I could never understand Sinatra’s appeal myself. I still can’t. The man could not hold a note. He always, always, sang flat and could ruin a song’s rhythm and meaning by eccentric phrasing.

One of the purveyors of old men’s music, indeed he was said to be Sinatra’s favourite other singer, was Matt Monro. Matt Monro was an English singer who made his name in the 1950s and 60s before moving to the US, from where, because hiw wife was homesick he later came back

Monro was one of the first singers to perform a Bond movie theme in From Russia With Love and also had a biggish hit with another song from a film, Born Free. A couple of years ago I happened to catch a TV documentary about his life and came to a deeper appreciation of his gifts as a singer. His voice has a crystal clarity with great diction and he can carry a note, or a phrase, seemingly effortlessly. The good lady heard him on the radio recently and wondered when he actually took a breath!

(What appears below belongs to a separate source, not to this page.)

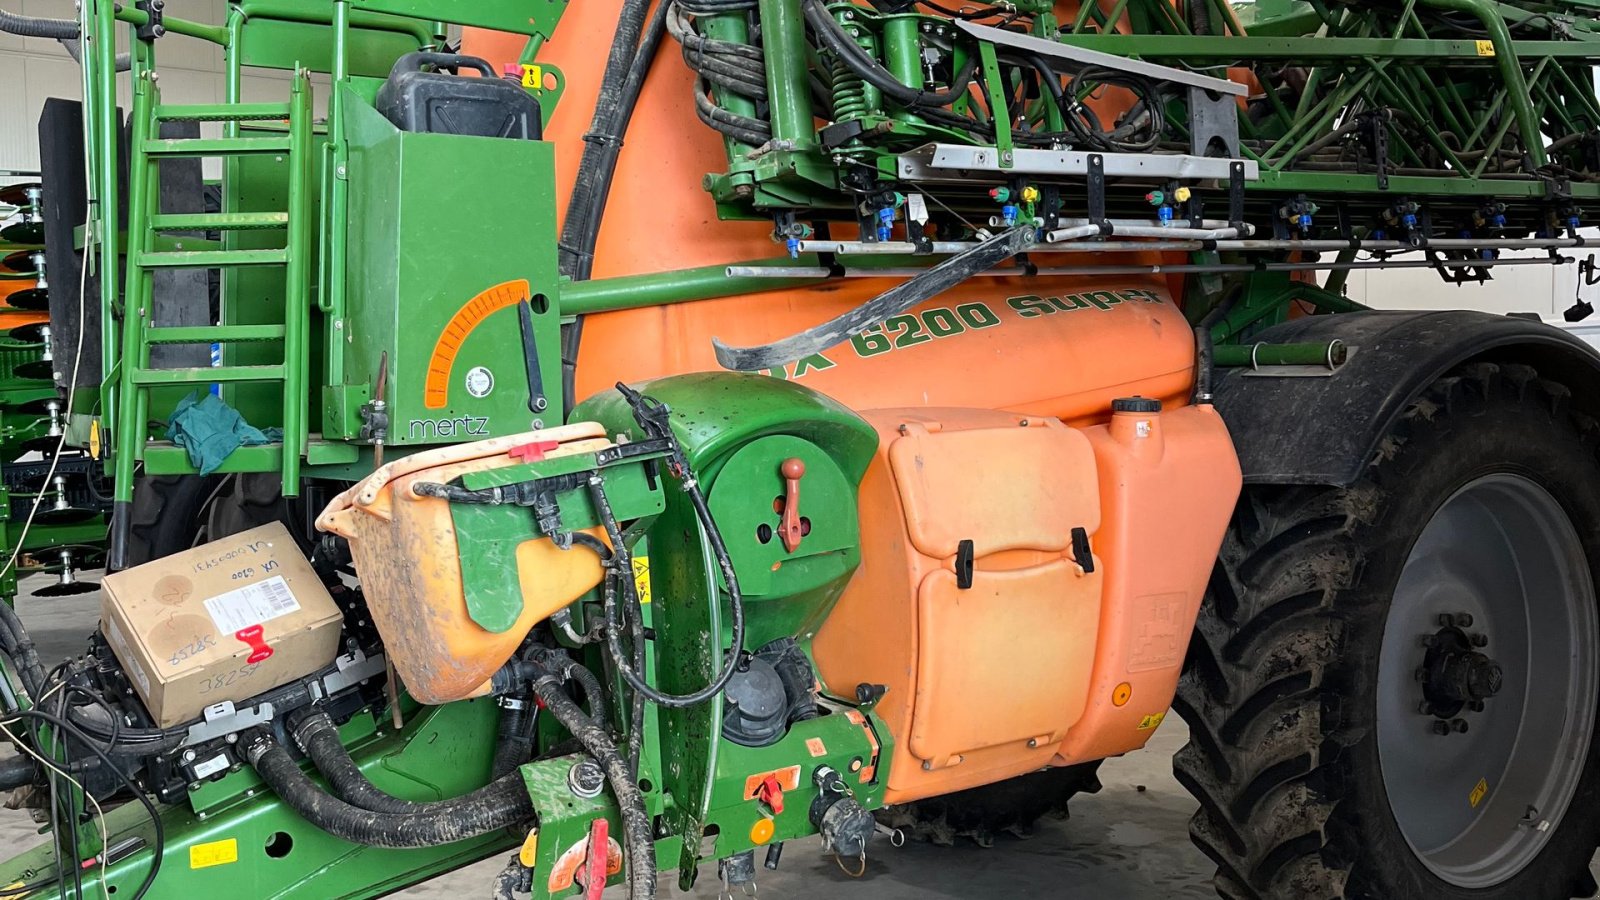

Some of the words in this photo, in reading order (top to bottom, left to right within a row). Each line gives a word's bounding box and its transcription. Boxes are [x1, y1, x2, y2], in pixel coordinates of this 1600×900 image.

[850, 302, 1002, 358] 6200
[1006, 288, 1164, 318] Super
[409, 414, 490, 439] mertz

His image in the 60s though was deeply uncool; early LPs merely had his photo and a list of some songs as a cover design, a practice pop and rock abandoned even before the Beatles’ Sgt Pepper. I would not normally have listened to him at the time. There was one song he performed, however, which really stuck with me.

It was released in 1970 and more or less topped and tailed that attitude of the 1960s I described earlier, that intuition of something different (which, naturally enough, never came to pass; it never does.)

The song was called We’re Gonna Change The World and considering who sang it was quite a counter-intuitive choice to be put out as a single.

Judge for yourselves.

Matt Monro: We’re Gonna Change The World

Reelin’ In The Years 60: The Only Living Boy in New York

This only just creeps in as it was a January 1970 release, on the Bridge Over Troubled Water LP.

Never a single, to my mind this is the best song on the album; better even than the title track. The choral effect given by the multi-tracking of the duo’s voices is sublime.